A popular refrain that I’ve heard recently is that “Sell in May” hasn’t worked this year. Indeed, so far it hasn’t. But all we really know is that “Sell in April” and “Sell in early May” haven’t worked. We won’t, or can’t, know if “Sell in May” worked until June at the earliest.
Quite frankly, when major indices are at or near all-time highs it is obvious that selling at any time prior would have been a mistake – at least if you hold index funds linked to those indices. Some stocks go down even in the broadest advances, but since we tend to focus on macro rather than micro analysis, we will be talking about the market as a whole rather than specific names.

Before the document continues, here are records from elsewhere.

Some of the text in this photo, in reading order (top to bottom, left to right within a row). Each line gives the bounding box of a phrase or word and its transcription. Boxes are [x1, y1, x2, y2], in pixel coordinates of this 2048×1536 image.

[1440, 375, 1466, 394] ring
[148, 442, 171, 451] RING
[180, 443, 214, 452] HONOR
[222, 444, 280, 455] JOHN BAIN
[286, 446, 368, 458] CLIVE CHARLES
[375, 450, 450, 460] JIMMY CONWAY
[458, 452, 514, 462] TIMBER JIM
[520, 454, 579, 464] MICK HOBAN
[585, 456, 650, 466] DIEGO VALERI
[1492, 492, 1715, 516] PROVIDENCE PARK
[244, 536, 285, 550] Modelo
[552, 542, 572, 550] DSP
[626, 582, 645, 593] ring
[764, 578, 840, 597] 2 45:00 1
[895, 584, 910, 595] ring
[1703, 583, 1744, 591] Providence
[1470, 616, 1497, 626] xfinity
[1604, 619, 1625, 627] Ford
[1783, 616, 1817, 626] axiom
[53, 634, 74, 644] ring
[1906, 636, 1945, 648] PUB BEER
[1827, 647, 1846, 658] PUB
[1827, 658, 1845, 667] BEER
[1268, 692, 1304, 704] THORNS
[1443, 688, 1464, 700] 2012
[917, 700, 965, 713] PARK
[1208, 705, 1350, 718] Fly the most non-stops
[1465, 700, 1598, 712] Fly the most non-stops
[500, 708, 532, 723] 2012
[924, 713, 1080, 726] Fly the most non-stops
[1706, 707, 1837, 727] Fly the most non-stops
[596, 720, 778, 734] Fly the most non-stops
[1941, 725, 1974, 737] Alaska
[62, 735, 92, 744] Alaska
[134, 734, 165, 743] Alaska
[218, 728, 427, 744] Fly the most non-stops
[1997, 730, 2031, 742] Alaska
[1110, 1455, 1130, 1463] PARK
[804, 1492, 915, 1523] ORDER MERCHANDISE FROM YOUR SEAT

To be clear, I believe that NVDA’s latest beat and raise was a savior. That the S&P 500 (SPX) and Nasdaq 100 (NDX) indices both fell sharply on Thursday while NVDA rose over 8% in a post-earnings rally was anomalous, but imagine how far we might have fallen if that stock led the plunge. And of course all things were largely forgiven the next day, as SPX recouped all its prior day’s losses. Today at midday, we see SPX up less than 0.1%, almost all of which can be attributed to NVDA’s 5% rise.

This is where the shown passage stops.